Realisasi kesepakatan perdagangan bebas di kawasan Asia Tenggara dalam ASEAN Free Trade Agreement (AFTA) pada 2010 menyisakan kerisauan di kalangan industri jamu nasional.

Ketidaksiapan industri dipicu dua hal yakni banjir produk impor dan kewajiban sertifikasi produk. Apalagi, standar yang diterapkan Badan Pengawas Obat dan Makanan (BPOM) nyatanya belum mendapat pengakuan dari lembaga sejenis di luar negeri.

”Kita belum siap memasuki AFTA karena jumlah produk jamu nasional yang sudah mendapat standar sertifikasi dari BPOM masih sangat terbatas. Sementara itu, produk yang sudah disertifikasi sekalipun tidak serta-merta bisa diekspor karena adanya perbedaan standar sertifikasi,” ujar Ketua Umum Dewan Pimpinan Pusat Gabungan Pengusaha Jamu dan Obat Tradisional Indonesia Charles Saerang di Jakarta, kemarin.

Faktanya meski memiliki lebih dari 10.000 jenis jamu lokal yang sudah terdaftar di BPOM, baru 32 jenis yang terdaftar sebagai produk herbal dan lima produk yang termasuk fitofarmaka. ”Ini akibat beragam jenis jamu tradisional yang rata-rata merupakan produk industri skala kecil tidak bisa menembus pasar ekspor.”

Dari 1.166 perusahaan jamu nasional, hanya 129 yang merupakan industri besar. Sementara itu, 1.037 lainnya perusahaan kecil menengah berskala industri rumahan.

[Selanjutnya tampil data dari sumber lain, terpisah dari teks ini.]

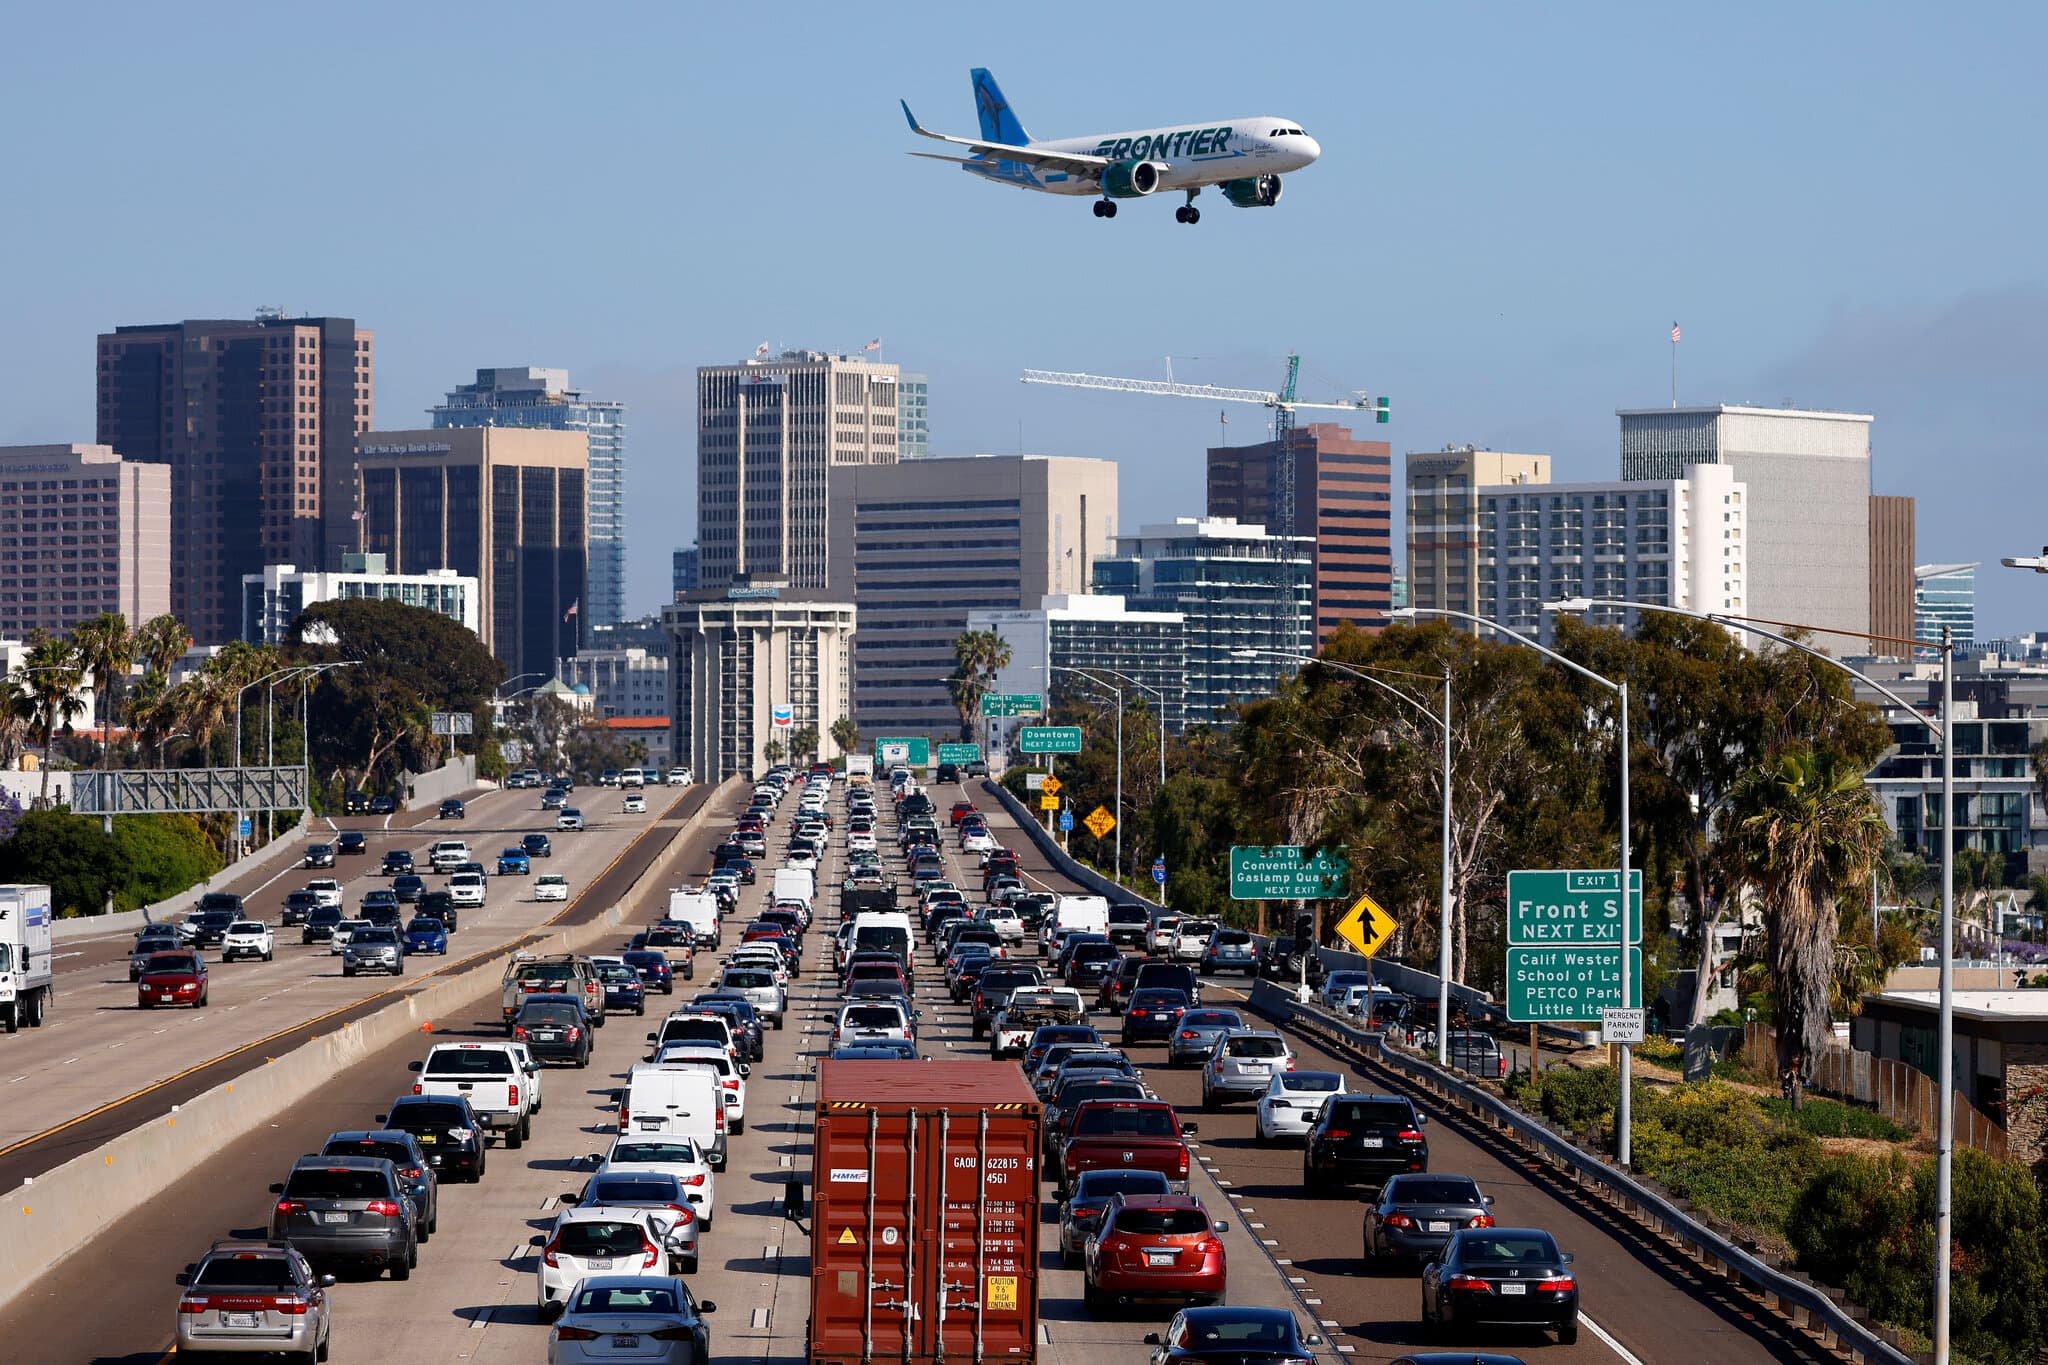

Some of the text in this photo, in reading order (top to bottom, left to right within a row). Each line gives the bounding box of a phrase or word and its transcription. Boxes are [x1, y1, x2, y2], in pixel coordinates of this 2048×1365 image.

[1097, 127, 1232, 161] FRONTIER
[1288, 849, 1322, 858] Dio
[1242, 861, 1313, 870] Convention
[1158, 872, 1165, 880] 5
[1237, 872, 1290, 883] Gaslamp
[1577, 876, 1606, 886] EXIT
[1265, 886, 1317, 894] NEXT EXIT
[1519, 900, 1589, 919] Front
[1522, 924, 1574, 938] NEXT
[1520, 954, 1619, 965] Calif Wester
[1517, 970, 1631, 981] School of La
[1526, 987, 1621, 999] PETCO Park
[1529, 1003, 1574, 1015] Little
[1604, 1011, 1642, 1019] EMERGENCY
[1607, 1021, 1640, 1029] PARKING
[953, 1157, 1033, 1170] GAOU 622815 4
[986, 1173, 1007, 1184] 45G1
[1005, 1206, 1015, 1214] LBS
[990, 1277, 1015, 1286] CAUTION
[987, 1301, 1016, 1309] CONTAINER

Karena itu, ia mendesak pemerintah untuk segera merumuskan kesepakatan harmonisasi sertifikasi dengan negara ASEAN lainnya. ”Kalau kita memaksa ikut tanpa adanya harmonisasi ini, kita akan terlibas. Bahkan untuk masuk ke pasar ASEAN,” tandasnya.

Indonesia sebenarnya memiliki lebih dari 30 ribu spesies tanaman obat yang terdiri dari 320 jenis. Namun, mahalnya biaya riset menjadi alasan utama mandeknya pengembangan industri jamu lokal.

Sebut saja, lebih dari 1.000 varian temulawak ada di Indonesia. Namun ironisnya, produk itu justru diteliti di Korea Selatan dengan melibatkan peneliti Indonesia.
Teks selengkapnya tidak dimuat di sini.